United States too tainted to preach justice


Reason Wafawarova — Opinion

Thu, 12 Jun 2008 00:00:00 +0000


ONE of the most notorious international terrorists, Luis Posada Carriles, a Cuban national accused of the bombing of a Cuban airline, entered the United States illegally in 2005 and is being held on that charge. There have been requests for extradition by Venezuela (for the bombing) and by Cuba (for the bombing and other crimes) and so far all requests have been denied.

 

Carriles has been turned down in his efforts to enter Mexico and many other countries have also refused to accept him.

 

The US Justice Department has continuously refused to designate Carriles a terrorist, choosing to live him in the hands of the immigration services. In February 2007, a US Federal judge denied Carriles bail pending a decision on deportation.

 

It is given that every self-respecting president has a doctrine that he wants attached to his name. President Robert Mugabe pursues an anti-imperialist doctrine and right now he faces widespread criticism mainly from the West. The core principle of President George W Bush is that the United States must “rid the world of evil” as he put it right after the September 11 attacks.

 

According to this principle, as well as President Bush’s “messianic mission” to democratise the world, the US has a special responsibility to wage a war against terrorism and to fight dictatorships, with the corollary that any state that is a dictatorship or that harbours terrorists should be treated accordingly.  

 

A fair and simple question can be asked. What would be the consequences if we were to take the Mugabe doctrine seriously and treat imperialist countries as oppressors and exploiters that deserve to be kicked out of developing countries? Equally, what would the consequences be if we were to take the Bush doctrine seriously and treat states that harbour terrorists as terrorist states, subject to bombardment and invasion?

 

The Mugabe doctrine may likely invite confrontation with imperialist countries with dire consequences such as is the strangulation of the Zimbabwean economy today and for many; this kind of predicament needs to be avoided at all cost.
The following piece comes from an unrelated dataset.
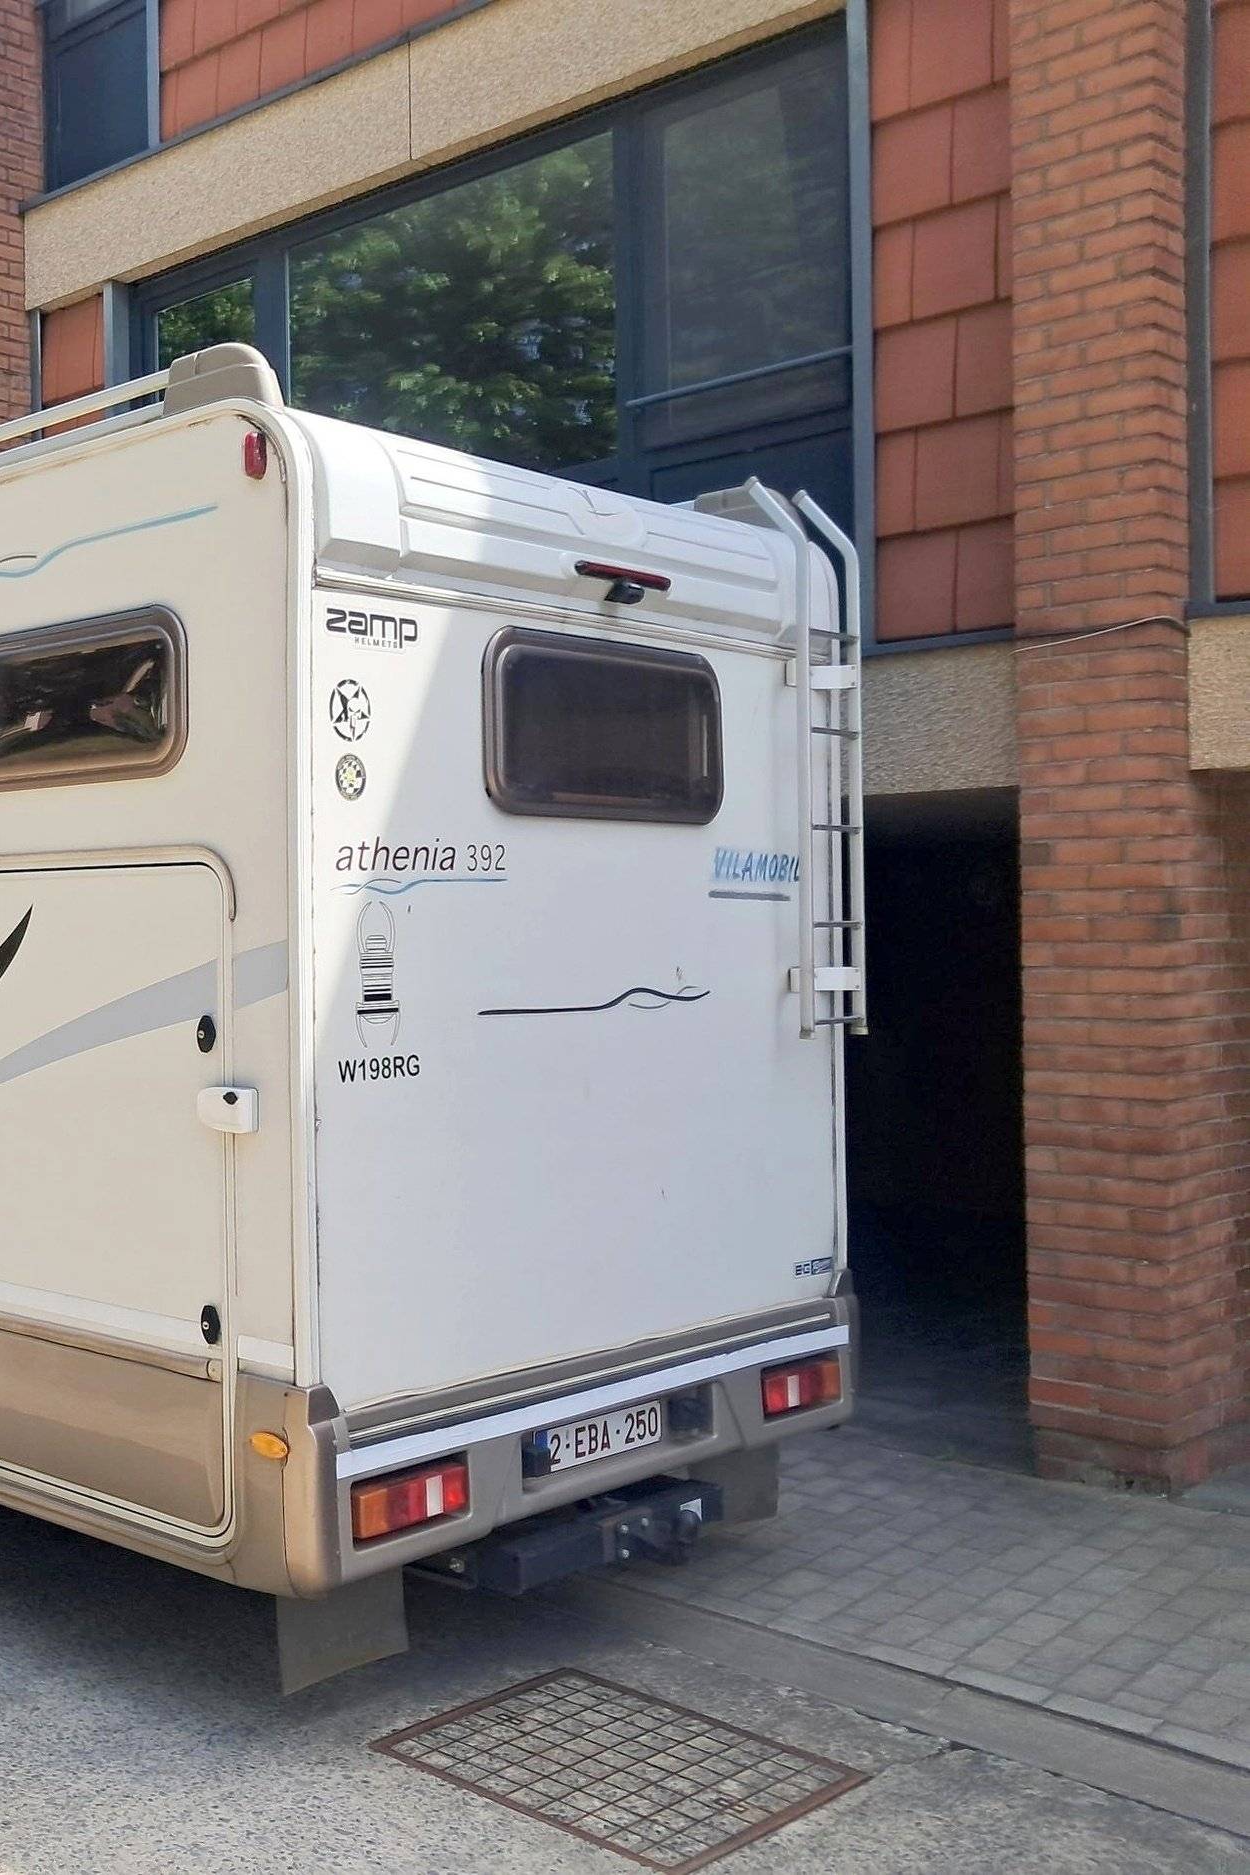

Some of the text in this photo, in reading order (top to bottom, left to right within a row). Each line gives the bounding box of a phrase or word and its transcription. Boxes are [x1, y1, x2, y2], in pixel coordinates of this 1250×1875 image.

[354, 636, 398, 649] HELMETS
[335, 836, 506, 872] athenia 392
[338, 1054, 420, 1083] W198RG
The fear of such strangulation and the subsequent suffering it entails is exactly why many a Zimbabwean today silently agree with President Mugabe but openly oppose his doctrine, only for reasons related to the politics of the stomach.

 

Those Africans and other citizens of the developing world who do not face the risk of a direct backlash of the Mugabe doctrine continue to applause the man as an African hero and liberator while those who have had contact with the backlash through Zimbabwean citizenry or the appeal of neighbourhood are backing up in surrender, with many advising a postponement of such a doctrine for future generations.

 

As for the Bush doctrine; the US has long been a sanctuary to a rogues’ gallery of people whose actions qualify them as terrorists and whose presence undermines U.S. proclaimed principles.

 

In 2001, the so-called Cuban Five, Cuban nationals who were convicted in Miami, made interesting reading about the U.S. commitment to fighting terror.

 

This case is mired in the sordid history of the US-Cuba relations, phenomenally characterised by the crushing, decades long US embargo that continues to stand in violation of UN General Assembly Resolutions in which the US is virtually isolated.

 

Despite President Bush’s zealous crusade of spreading the anti-terror campaign, the United States has engaged in large and small scale terrorist attacks against Cuba since 1959, that including the Bay of Pigs invasion, the bizarre assassination attempts on Fidel Castro, and far more serious attacks in Cuba and against Cubans abroad.

 

In the J.F. Kennedy years, his brother Robert Kennedy directed the terror on Cuba and Kennedy Junior’s highest priority was to bring “the terrors of the earth” to Cuba, according to Arthur Schlesinger, the historian and advisor to Robert Kennedy, and also his biographer. This priority ranking is ominously mirrored by Henry Kissinger’s desire to see the economy of Chile “scream”, a term that has been borrowed by Chester Crocker in describing the US foreign policy on Zimbabwe.

 

The Kennedy terror on Cuba was briefly halted by Lyndon Johnson and later resumed by Richard Nixon, with the US government’s direct participation in terrorist attacks on Cuba ending in the seventies – at least officially.

 

In 1989, George Bush senior pardoned Orlando Bosch, the notorious anti-Castro terrorist who orchestrated the bombing of the Cuban airliner in 1976, together with Luis Posada Carriles. The pardon was blissfully oblivious of the fact that the Bosch-Carriles bombing claimed seventy-three innocent lives.

 

Bush senior arrogantly overruled the Justice Department, which had refused any asylum request from Bosch, the Department rightly concluding “The security of this nation is affected by its ability to urge credibly other nations to refuse aid and shelter to terrorists, whose target we too often become.” Bush did not think so and his son does not look any different.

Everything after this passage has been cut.